Task instructions
Every record below is to be copied exactly, with its images omitted.

Stored data entries:
________________________

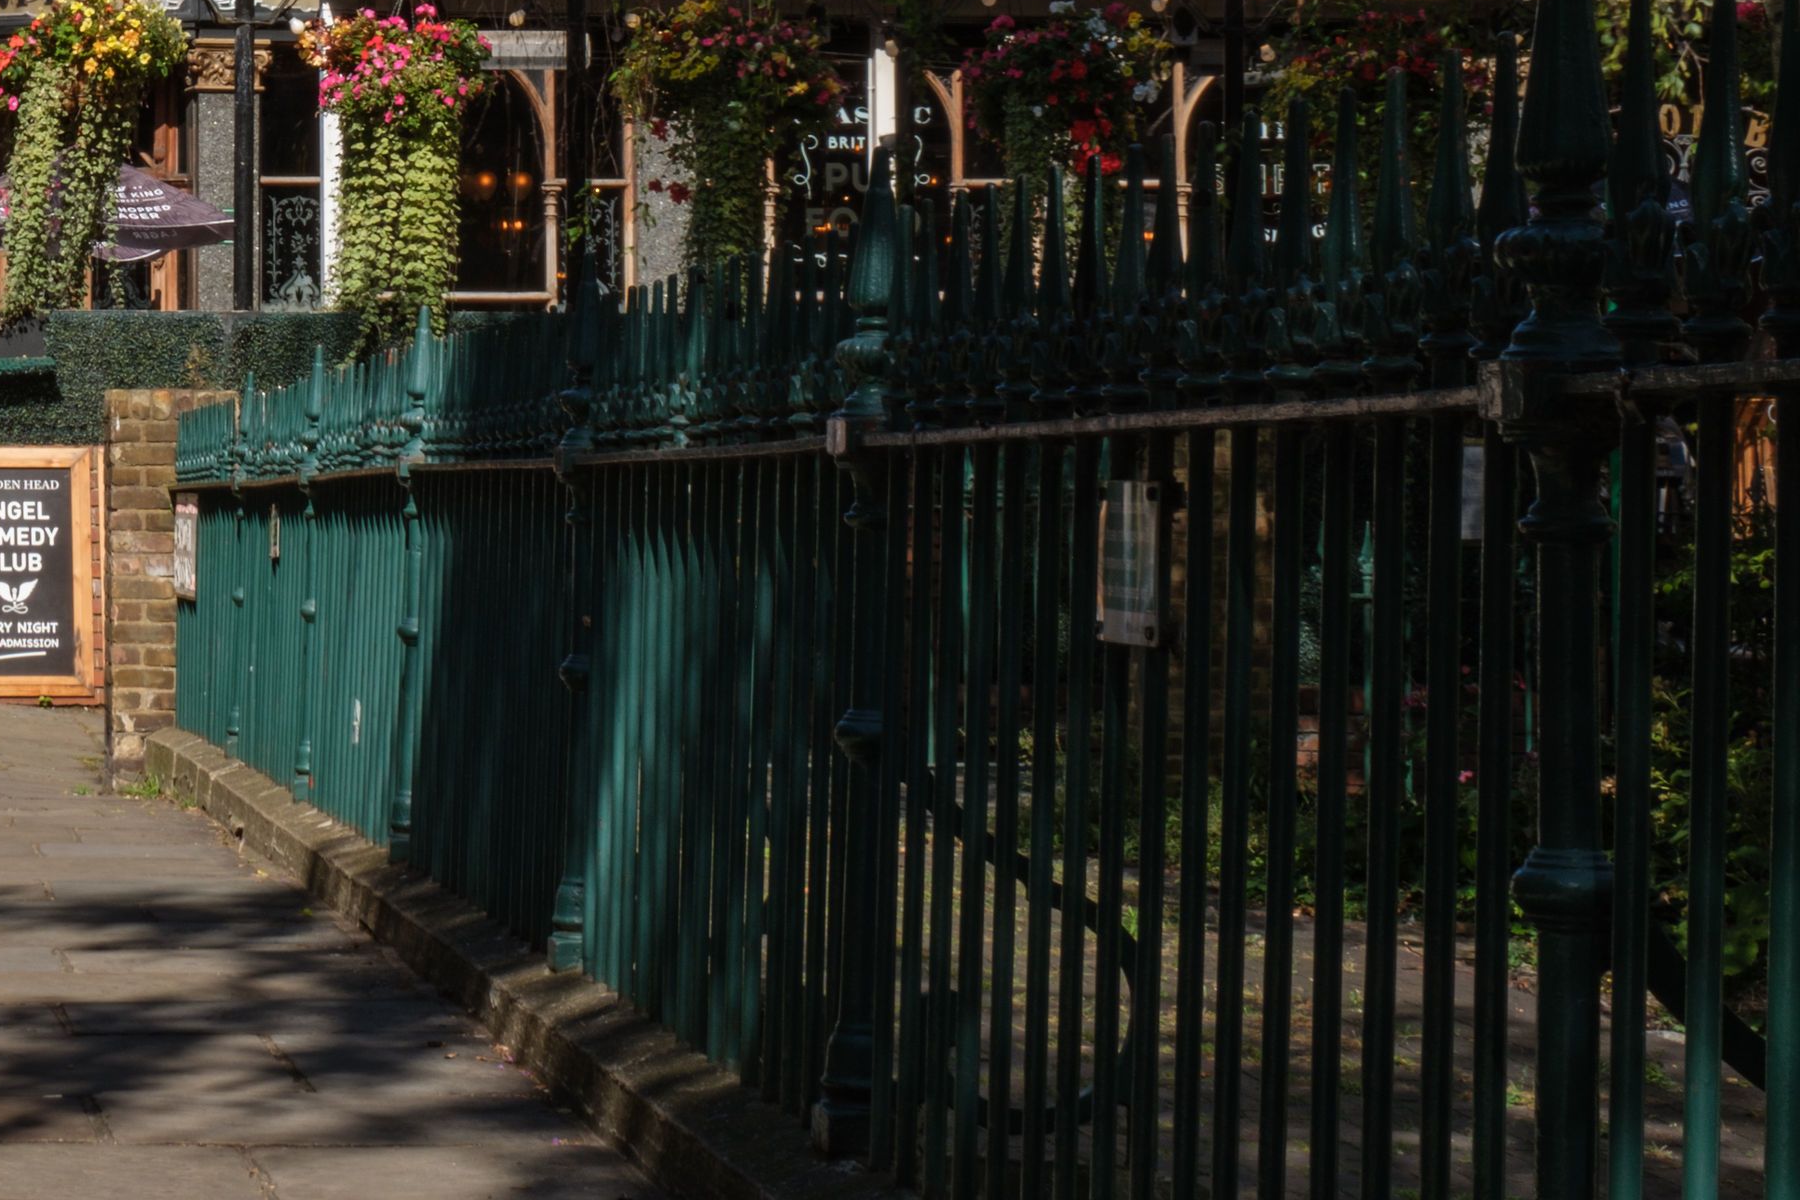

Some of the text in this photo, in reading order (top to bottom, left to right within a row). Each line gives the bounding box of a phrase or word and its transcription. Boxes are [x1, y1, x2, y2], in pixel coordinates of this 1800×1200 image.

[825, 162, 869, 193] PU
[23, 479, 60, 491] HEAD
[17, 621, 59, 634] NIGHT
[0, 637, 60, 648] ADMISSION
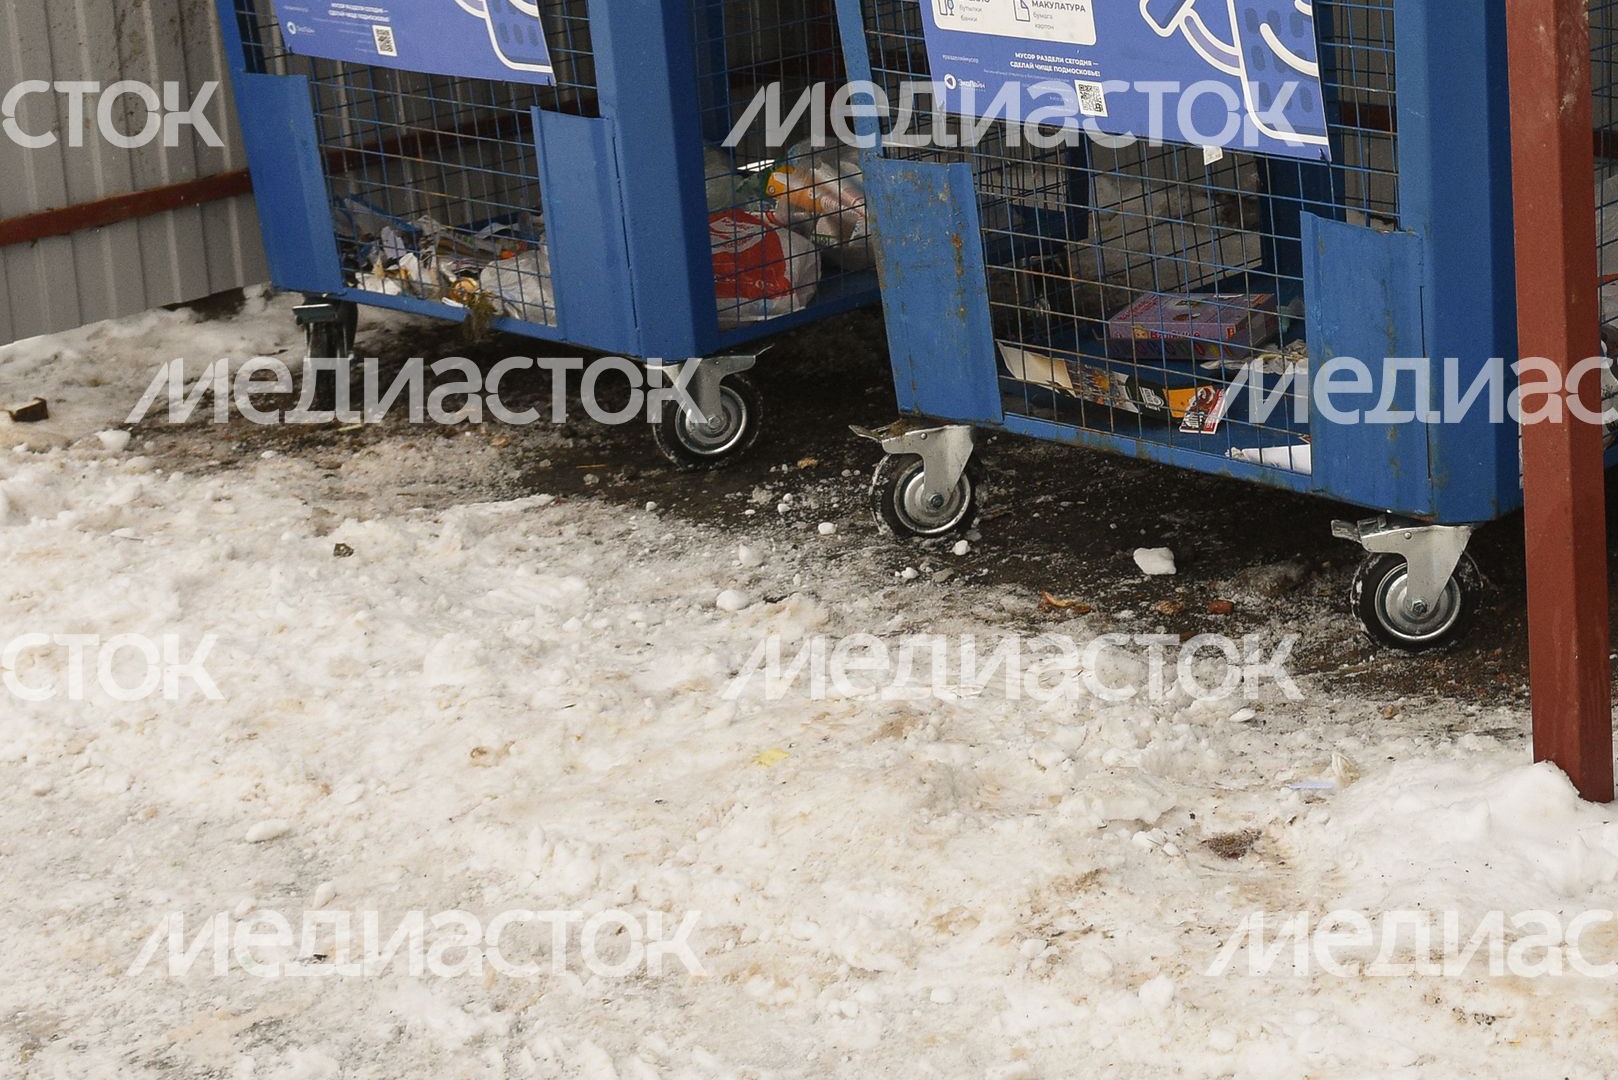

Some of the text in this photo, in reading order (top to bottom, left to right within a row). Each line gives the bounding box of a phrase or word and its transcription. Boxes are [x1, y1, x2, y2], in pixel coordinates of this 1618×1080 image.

________________________

Answer box
Some of the text in this photo, in reading order (top to bottom, left to right within a row). Each line gives the bounding box of a phrase or word and its transcription. Boxes are [x1, y1, x2, y2], in pixel coordinates of this 1800×1200 image.

[825, 162, 869, 193] PU
[23, 479, 60, 491] HEAD
[17, 621, 59, 634] NIGHT
[0, 637, 60, 648] ADMISSION

Some of the text in this photo, in reading order (top to bottom, left to right within a row). Each line gives the bounding box of a phrase or word and its transcription. Boxes are [x1, y1, x2, y2], in pixel coordinates of this 1618×1080 image.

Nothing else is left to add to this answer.